D’altra parte non le mancano anche dei lodatori, specialmente fra i poeti e la gente di buon gusto, i quali non solo apprezzano la sensibilizzazione dei concetti intellettuali come un merito, ma che appunto in ciò, e nel fatto che i concetti non siano con tanto scrupolosa cura analizzati nei loro elementi, ripongono la ricchezza (l’abbondanza di pensieri) o l’enfasi (l’energia) dell’espressione e la luminosità (lo splendore nella coscienza) delle rappresentazioni, mentre considerano le nudità dell’intelletto come povertà (*). Io non farò qui il panegirista, ma soltanto l’avvocato del senso contro i suoi detrattori.

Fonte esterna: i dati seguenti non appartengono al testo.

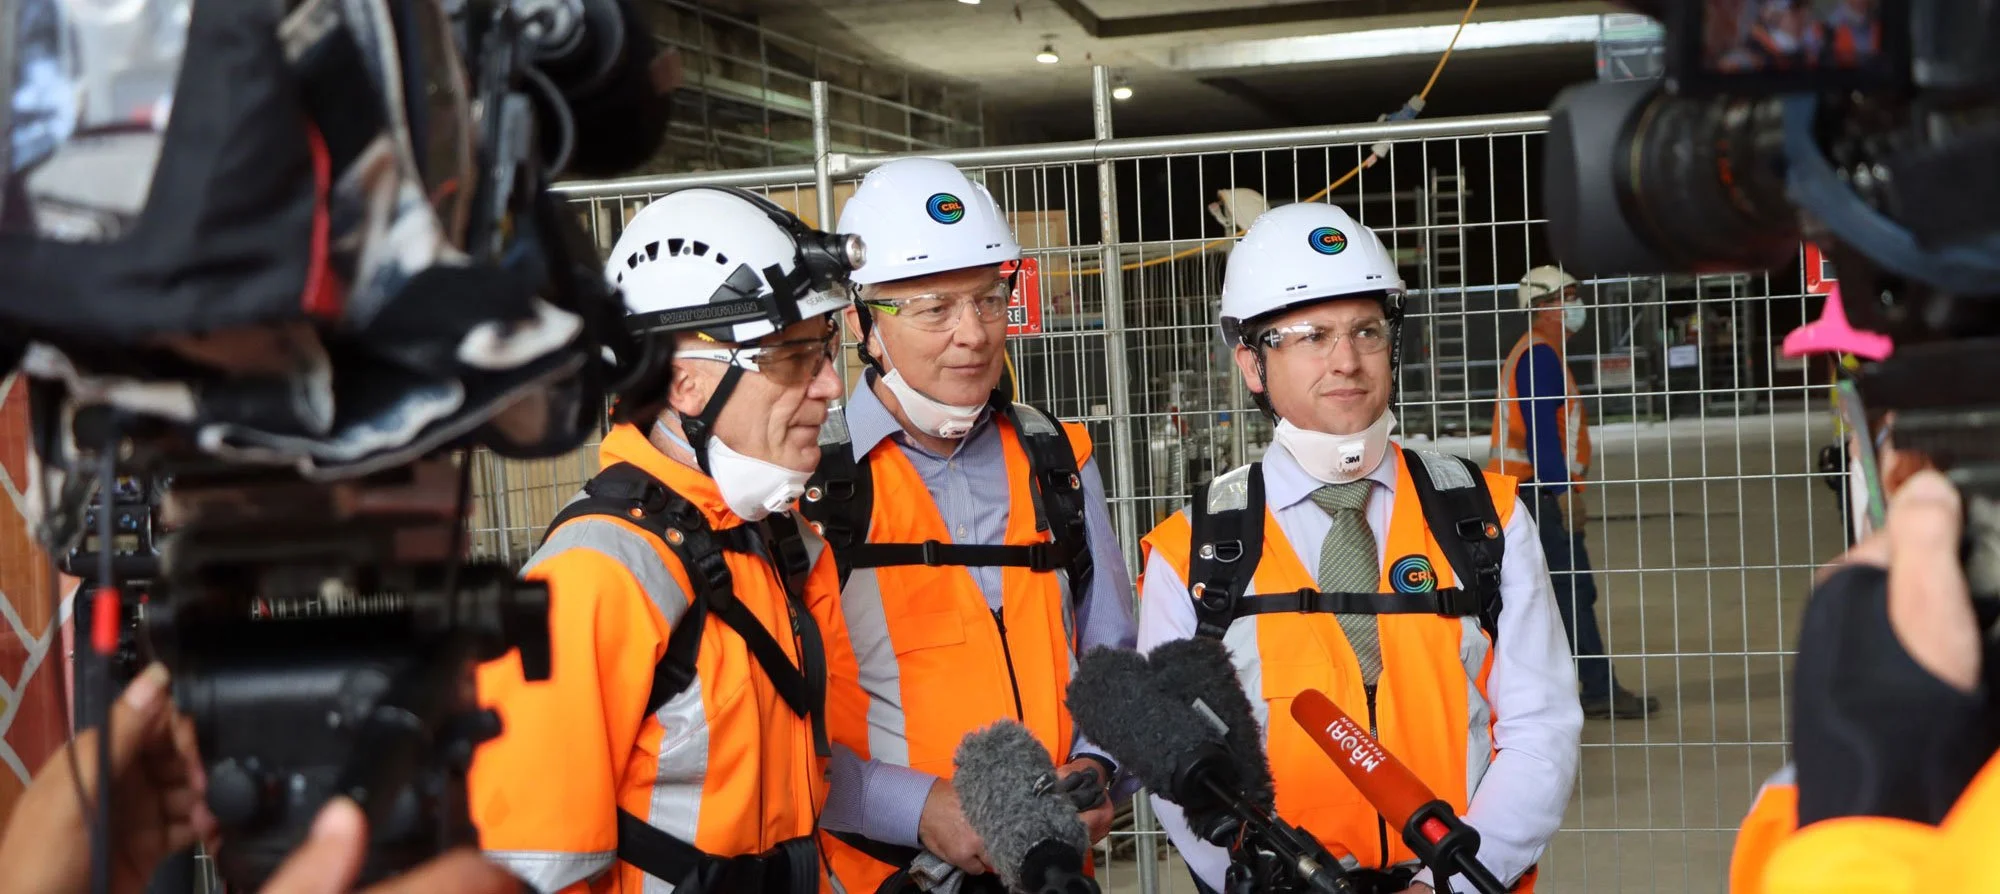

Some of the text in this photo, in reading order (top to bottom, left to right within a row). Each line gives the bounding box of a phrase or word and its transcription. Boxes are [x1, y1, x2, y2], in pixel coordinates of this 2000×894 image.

[941, 202, 962, 211] CRL
[1323, 234, 1345, 243] CRL
[659, 301, 758, 324] WATCHMAN
[1345, 455, 1360, 464] 3M
[1408, 571, 1434, 582] CRL
[1340, 716, 1386, 761] TELEVISION
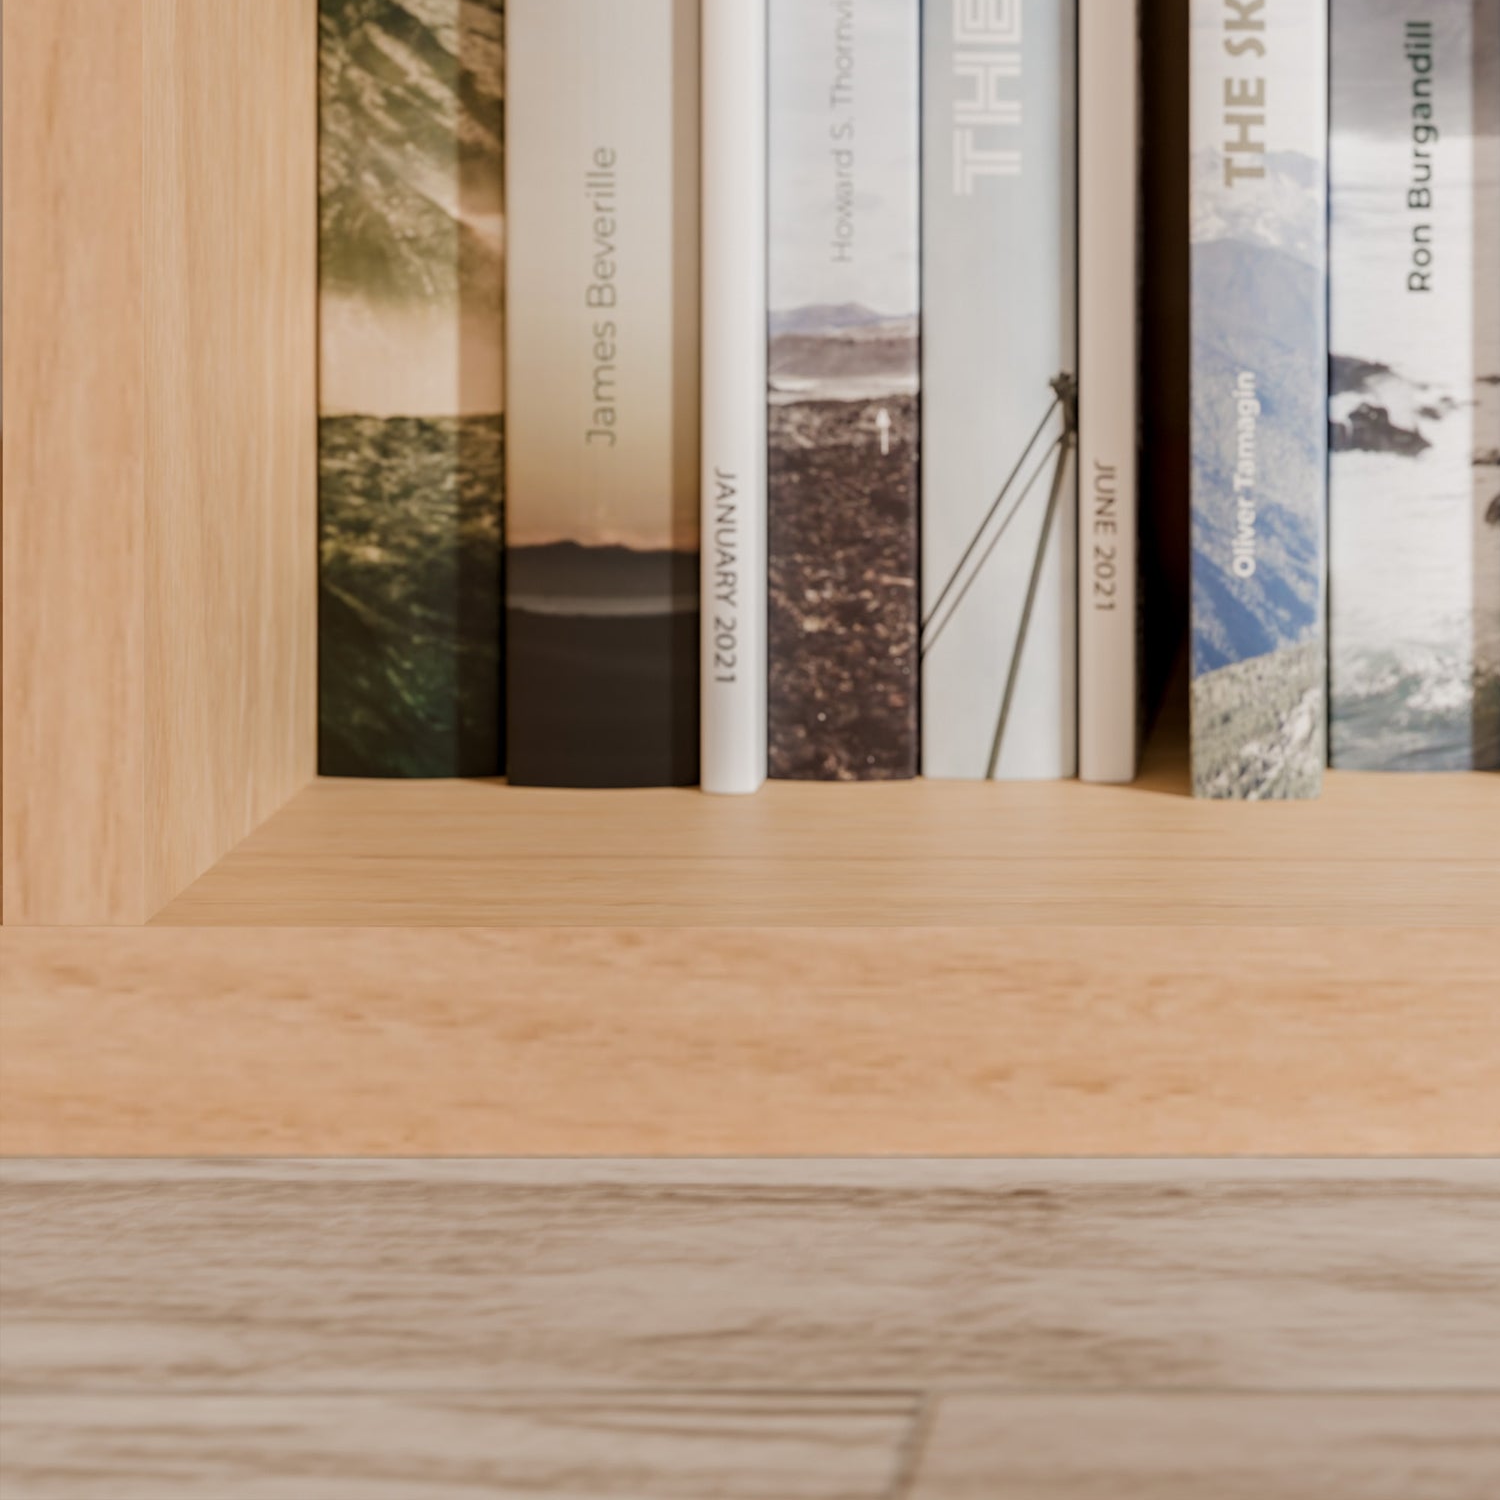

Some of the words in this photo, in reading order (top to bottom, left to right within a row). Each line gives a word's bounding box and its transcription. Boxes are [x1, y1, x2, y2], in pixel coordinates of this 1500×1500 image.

(*) Siccome qui si parla soltanto del potere conoscitivo, e quindi di rappresentazioni (non del sentimento di piacere o di dolore), cosi la sensazione non significa altro che la rappresentazione sensibile (intuizione empirica) distinto tanto dai concetti (dal pensiero) quanto dall’intuizione pura (dello spazio e del tempo).

Ciò che v’è di passivo nella sensibilità, che noi d’altronde non possiamo eliminare, è propriamente la causa di tutto il male, che le si attribuisce. La perfezione interna dell’uomo consiste in ciò: che egli ha in sua mano l’uso di tutto il suo potere per sottoporlo alla propria libera volontà. Ma per questo si richiede che l’intelletto domini, ma non indebolisca, la sensibilità (la quale in sé è plebe, perché non pensa): senza la sensibilità infatti non ci sarebbe materia che possa essere elaborata ad uso dell’intelligenza regolatrice.

Difesa della sensibilità contro la prima critica.

§ 9. — I sensi non fanno errare. A colui che ha bensì afferrato un molteplice, ma non l’ha ancora ordinato, non si può muovere il rimprovero che egli cada in errore. Le percezioni dei sensi (rappresentazioni empiriche coscienti) possono soltanto chiamarsi fenomeni interni. L’intelligenza, che vi si aggiunge e le collega sotto una legge del pensiero (che porta l’ordine nel molteplice), ne trae allora la conoscenza empirica, cioè l’esperienza. È dunque l’intelletto negligente dei suoi doveri quando leggermente giudica, senza aver prima ordinato le rappresentazioni dei sensi sotto leggi, e poi si lagna dell’errore di quelle, come se esso errore si dovesse imputare alla natura originariamente sensibile dell’uomo. Questa risposta riguarda tanto le infondate critiche circa l’errore delle rappresentazioni esterne quanto quelle circa l’errore delle interne provocato dalla sensibilità.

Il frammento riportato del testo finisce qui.